____ Exercise materials

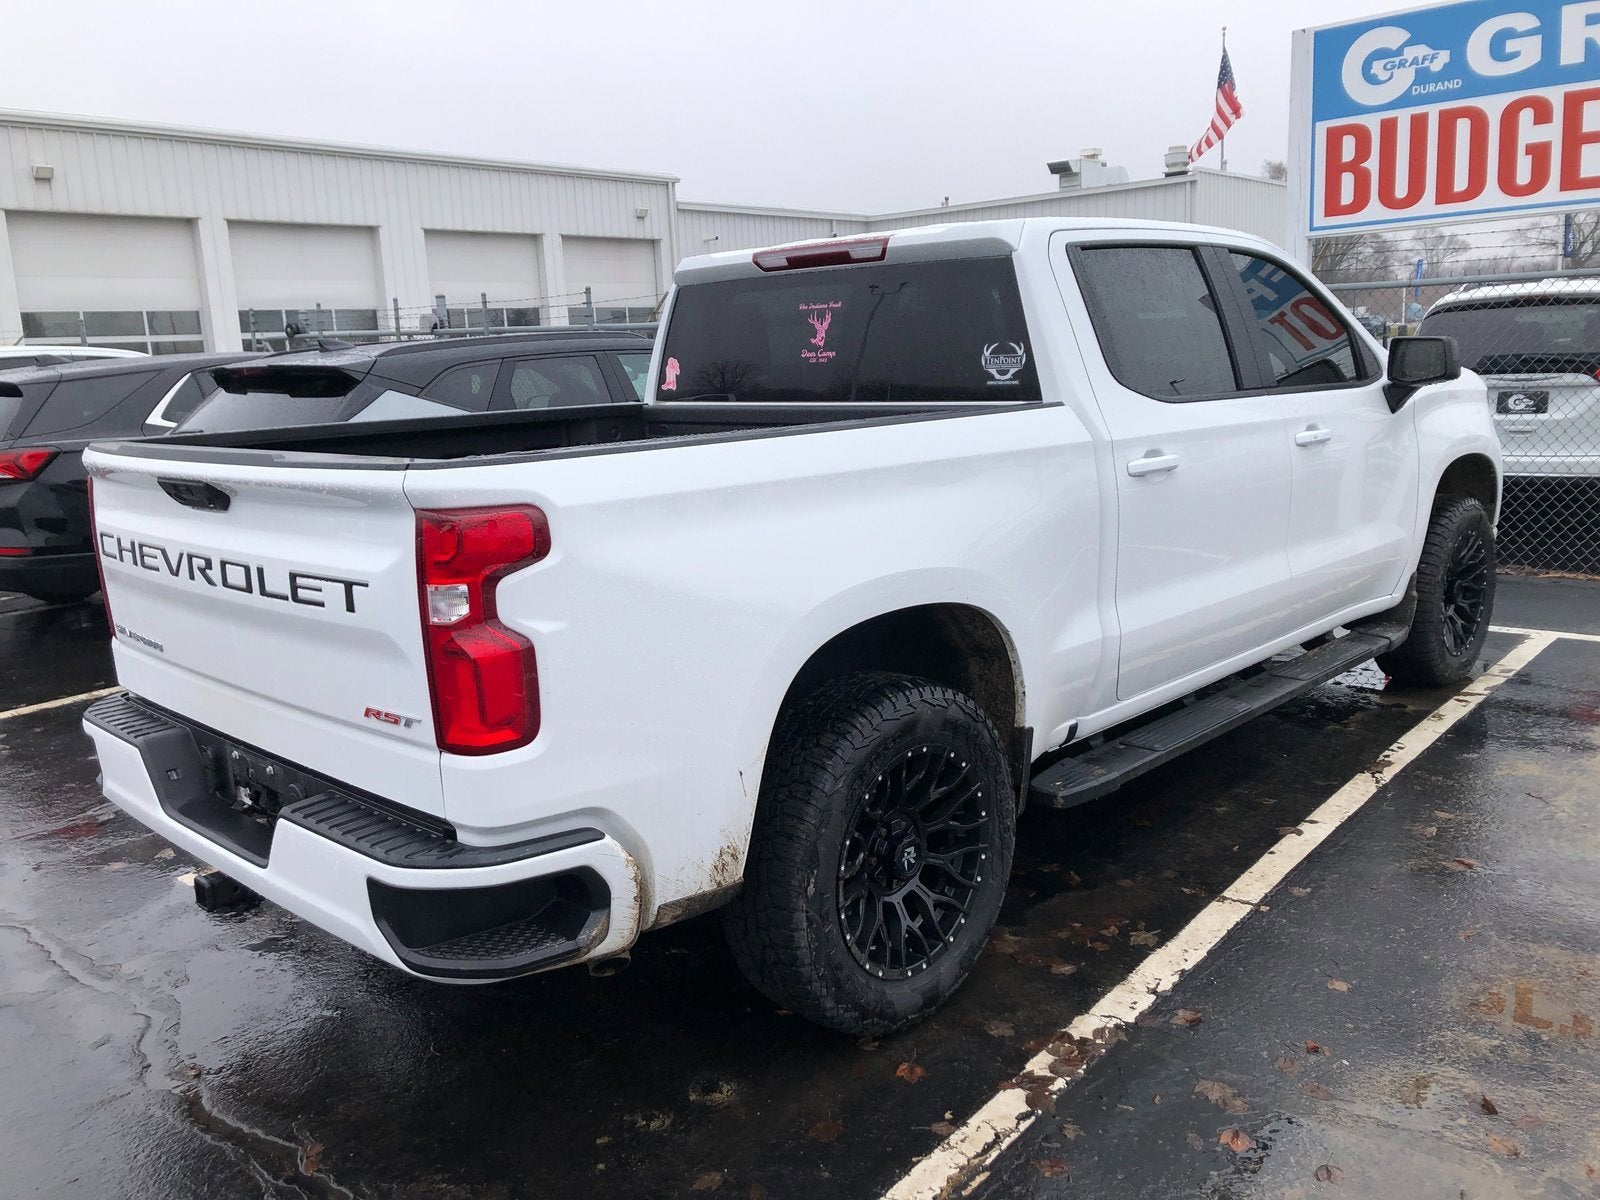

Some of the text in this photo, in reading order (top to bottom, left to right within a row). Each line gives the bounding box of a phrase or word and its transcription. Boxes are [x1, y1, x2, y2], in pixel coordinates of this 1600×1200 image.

[1382, 51, 1440, 72] GRAFF
[1411, 78, 1463, 96] DURAND
[817, 348, 836, 359] Camp
[99, 530, 370, 614] CHEVROLET
[363, 705, 422, 729] RST

________

Work request
Restate each entry verbatim and skip every image.

Output for this exercise
Some of the text in this photo, in reading order (top to bottom, left to right within a row). Each line gives the bounding box of a phrase or word and its transcription. Boxes are [x1, y1, x2, y2], in pixel coordinates of this 1600×1200 image.

[1382, 51, 1440, 72] GRAFF
[1411, 78, 1463, 96] DURAND
[817, 348, 836, 359] Camp
[99, 530, 370, 614] CHEVROLET
[363, 705, 422, 729] RST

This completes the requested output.